I recently reread the political classic Plunkitt of Tammany Hall in preparation for a class I’m teaching this fall on campaigns and elections. If you haven’t read the short piece, it’s worth your time. It’s an expose of machine politics from the late 19th and early 20th century. The book is a series of interviews with the colorful George Washington Plunkitt, a political boss from New York’s famous Tammany Hall political machine. What makes the book colorful is Plunkitt’s candid views on politics, campaigning, and governing.
To give you a taste of what it’s like, I’ve stylized the following commentary as if Plunkitt were the current President of the United States.
On the IRS Scandal – “I didn’t tell nobody to give them Tea Party hayseeds no trouble. I says one day on TV that them right-wing boys were dangerous and somebody ought to do some looking. I got friends that are always listening as to how they can help out. That’s what friends is for. They did it on their own because friends look out for friends. They know I ain’t gonna forget their kindness either. Nobody’s going to jail for doing a friend an honest favor.”
On Immigration – “The American people didn’t send me to Washington to give college lectures. They want action. If Congress ain’t gonna do nothing, then I will. I got a pen and a phone and that’s all a man needs. That and some poor people who don’t forget whose looking out for em. That’s the way American works. I do something for them, and they do something for me. It ain’t dishonest. It’s democracy.”

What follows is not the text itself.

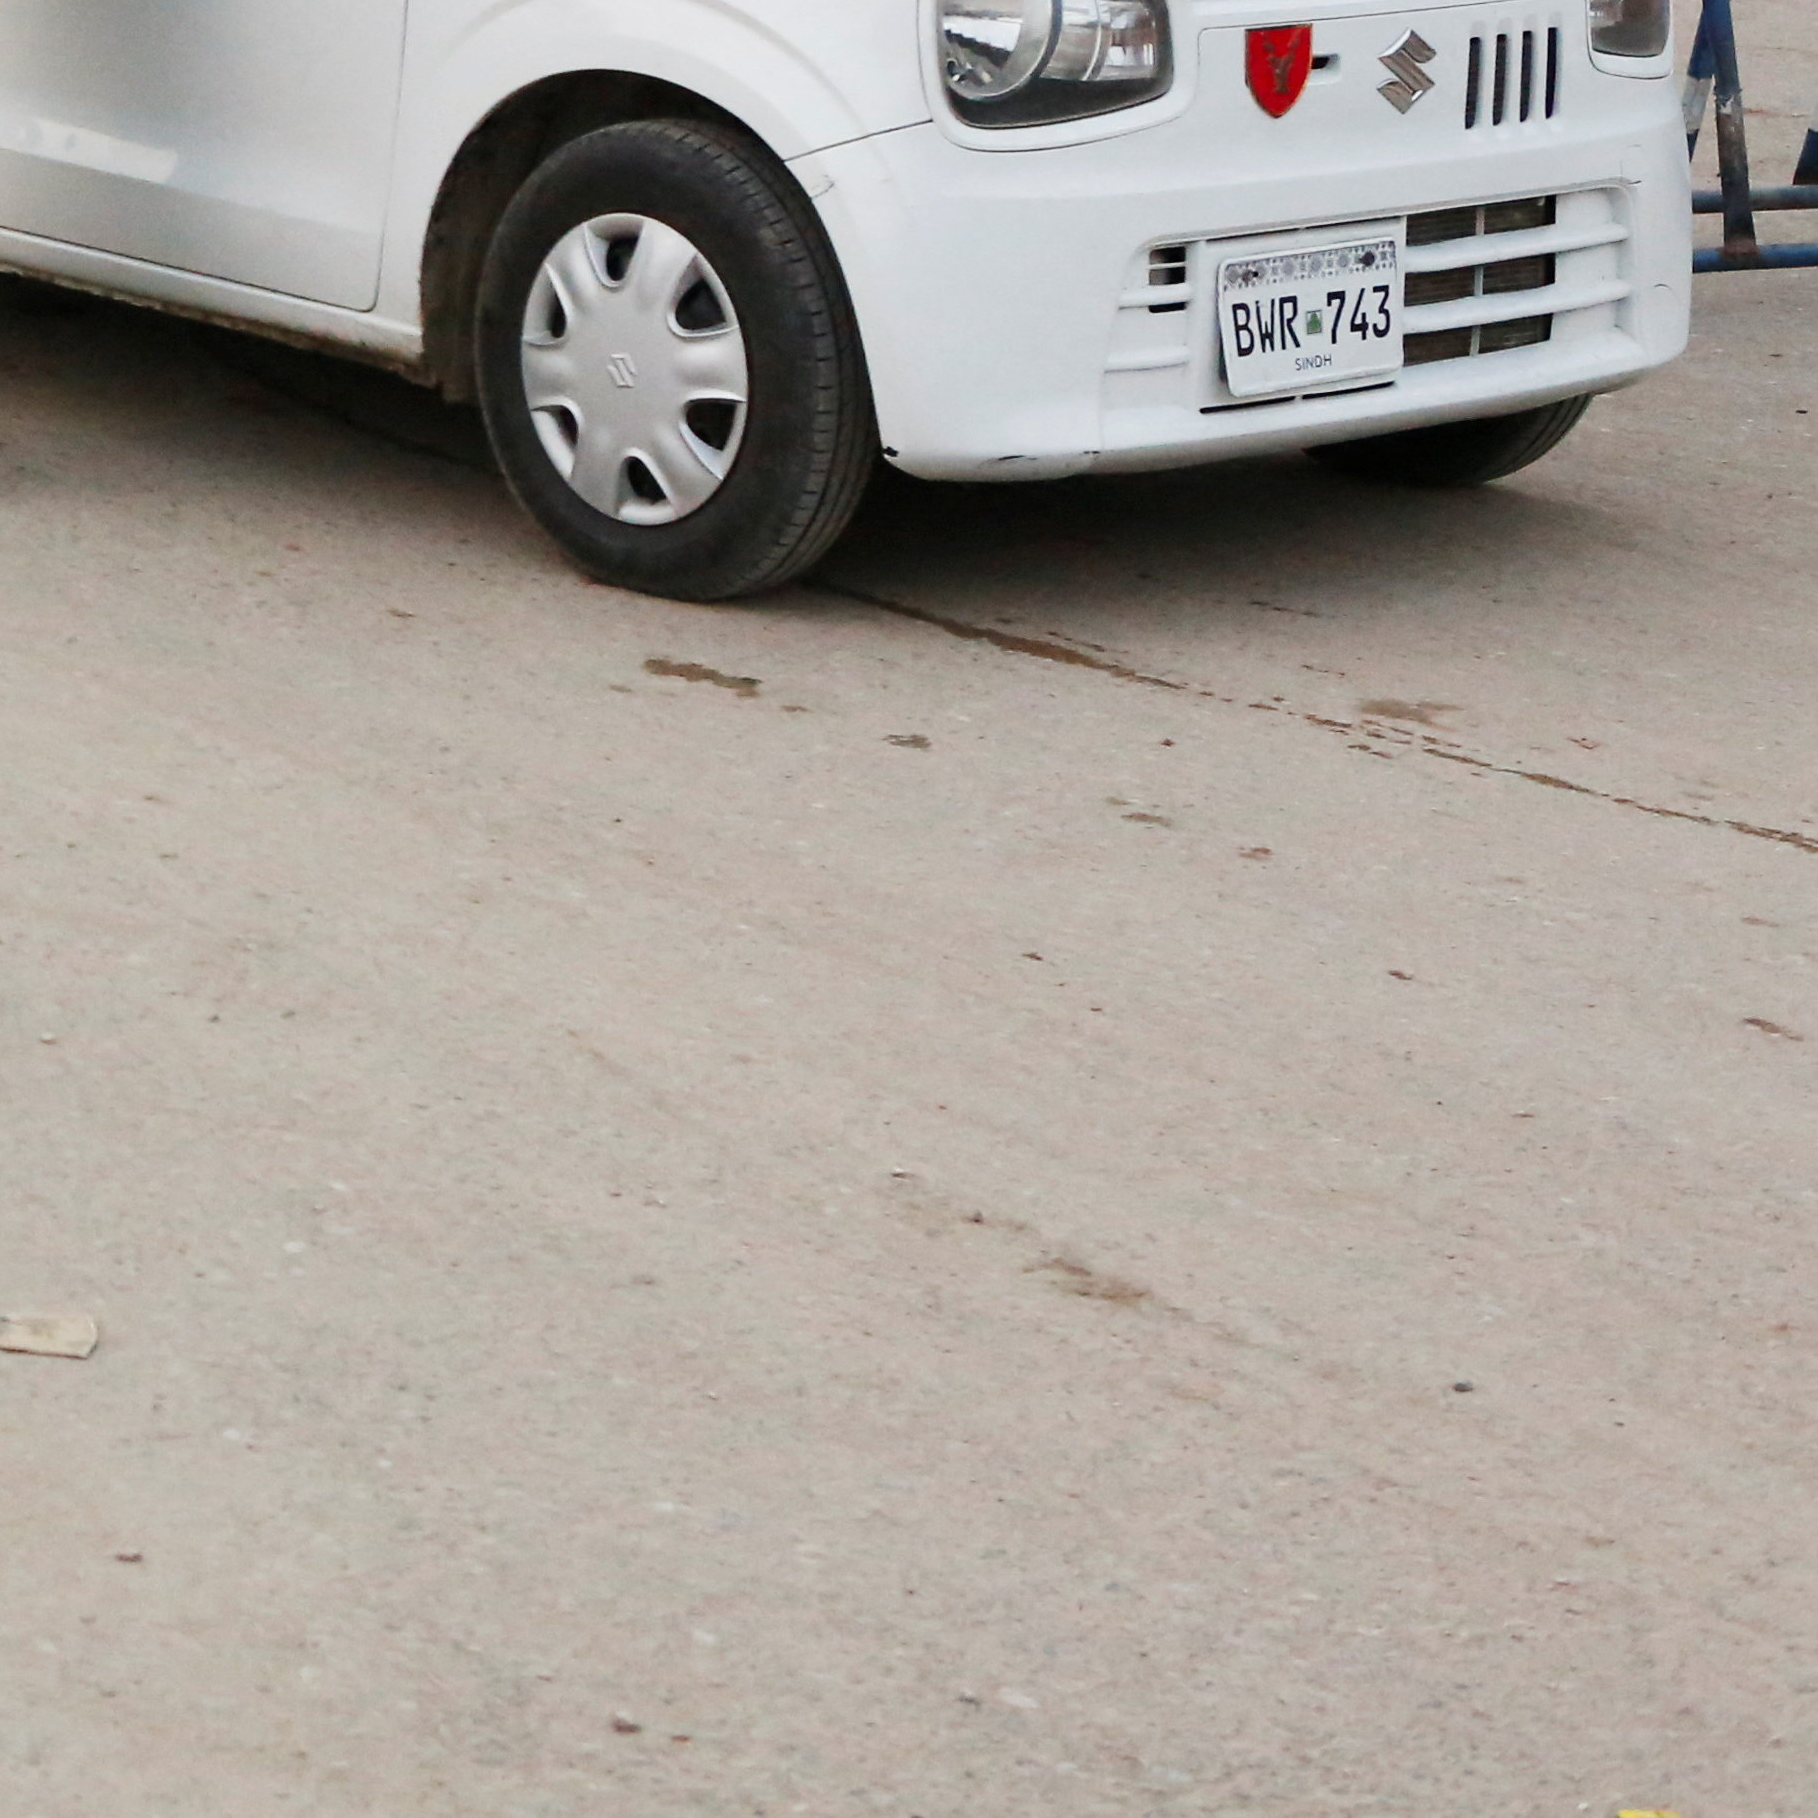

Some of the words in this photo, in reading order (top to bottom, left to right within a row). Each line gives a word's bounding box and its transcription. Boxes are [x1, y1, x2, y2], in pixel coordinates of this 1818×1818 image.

[1231, 294, 1302, 358] BWR
[1326, 284, 1392, 346] 743
[1294, 354, 1333, 372] SINDH

On Presidential Power – “Some of my political opponents are always going on about me ignoring them other branches of government. They want to talk to me about the Constitution. I say if something has come between us, maybe we should figure out a way to move past it and come to an understanding. What’s the Constitution among friends?”
It turns out that “organizing” has a long tradition in the United States. And this was a guy, like a lot of other politicians before him, who was just an opportunist at heart. Just one more community organizer that seen his opportunities and took em.
One response to “Hope, Change, and Honest Graft”
Funny!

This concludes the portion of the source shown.